# Delta-Epsilon Proof of a Limit with 2 Variables

1. Mar 8, 2013

### stumpoman

1. The problem statement, all variables and given/known data
Prove using the formal definition of a limit that
$$\lim_{(x,y) \to (1,2)} 5x^3-x^2y^2$$
is equal to 1.
2. Relevant equations
$$\lim_{(x,y) \to (1,2)} 5x^3-x^2y^2\\ \left \| \overline{x}-\overline{a} \right \|< \delta \\ \left | f(\overline{x})-L \right |<\epsilon$$

3. The attempt at a solution
$$\sqrt{(x-1)^2+(y-2)^2}<\delta\\ \left | 5x^3-x^2y^2-1 \right |<\epsilon$$
I have no idea where to go from there. I can't figure out how to manipulate the second equation to resemble the first.

2. Mar 8, 2013

### Zondrina

Perhaps I don't have the best ( biggest or smallest depending on what you want ) possible neighborhood with the delta I found, but :

$δ = min \{ 1, \sqrt[4]{ε/6} \}$ will suffice I believe.

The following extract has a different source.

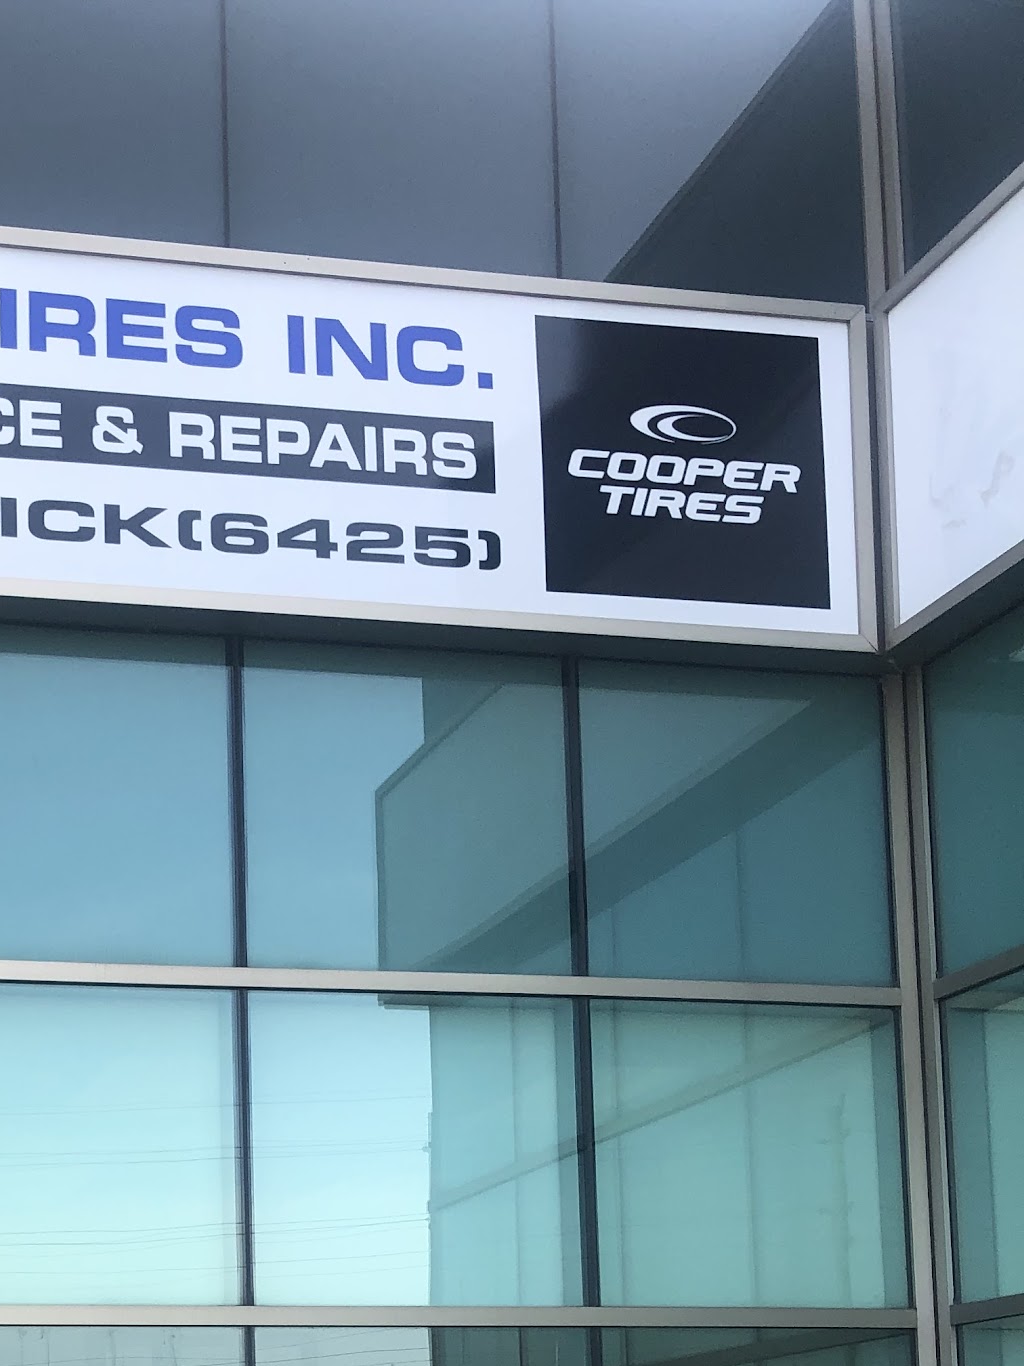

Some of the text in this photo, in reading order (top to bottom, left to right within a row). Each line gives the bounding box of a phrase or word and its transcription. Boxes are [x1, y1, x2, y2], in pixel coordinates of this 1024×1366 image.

Use the fact that $0 < |x-1|, |y-2| < δ$ to deduce it and possibly get an even better delta ( Trust me I was being lazy here, you can probably do much much better than the value I've given ).

Last edited: Mar 8, 2013
3. Mar 8, 2013

### LCKurtz

I wouldn't try to make it resemble the first. Try thinking about it this way. You do know that you can make both $|x-1|$ and $|y-2|$ small. And you are trying to make$$|5x^3-x^2y^2-1|$$small. Now, you know that $5x^3$ is going to get close to $5$, so let's subtract and add $5$:$$|5x^3-5 + 5-x^2y^2-1| = |5(x^3-1)+4-x^2y^2|$$Now that $x^2y^2$ term is going to get close to $4x^2$ as $y$ gets close to $2$, so lets add and subtract $4x^2$:$$|5(x^3-1)+4-x^2y^2 - 4x^2+4x^2|=|5(x^3-1)+4(1-x^2)+x^2(4-y^2)|$$Now do you see how to make it small?

Last edited: Mar 8, 2013
4. Mar 8, 2013

### stumpoman

so you end up with this?
$$|5(x-1)(x^2+x+1)-4(x-1)(x+1)-x^2(y-2)(y+2)|<\epsilon$$
I see that it contains 3 terms with factors less than delta but I must be missing a some concept here.

5. Mar 8, 2013

### Zondrina

If you want to follow the path that LC is taking, apply the triangle inequality to what you have right now.

6. Mar 8, 2013

### LCKurtz

Yes, and each term has something you can make small multiplied by factors you can keep bounded.

7. Mar 11, 2013

### stumpoman

Does that mean
$$5(x^2+x+1)(x-1)-4(x-1)|x+1|-x^2(y-2)|y+2|<\epsilon$$
I don't understand.

8. Mar 11, 2013

### LCKurtz

Actually, you don't have it less than $\epsilon$ yet; that is your goal. What you do have is that$$|5x^3-x^2y^2-1|\le |5(x-1)(x^2+x+1)-4(x-1)(x+1)-x^2(y-2)(y+2)|$$
That isn't what the triangle inequality gives you. It says $|a + b| \le |a| + |b|$ so you would get$$|5x^3-x^2y^2-1|\le |5(x-1)(x^2+x+1)-4(x-1)(x+1)-x^2(y-2)(y+2)|$$ $$\le 5|x-1| |x^2+x+1|+4|x-1| |x+1|+|x^2||y-2||y+2|$$You want to make the whole thing less than $\epsilon$, which you could do by making each term less than $\epsilon/3$. You know you can make both $|x-1|$ and $|y-2|$ as small as you want. So if the other terms don't get too big you should be able to make it work. Remember $x$ and $y$ can't be just anything because they are getting close to $1$ and $2$, respectively. So say you make sure $\delta < 1$ so both x and y are within 1 of their limits. Then how big can the extra x and y expressions be? Overestimate some more then figure out what $\delta$ will work.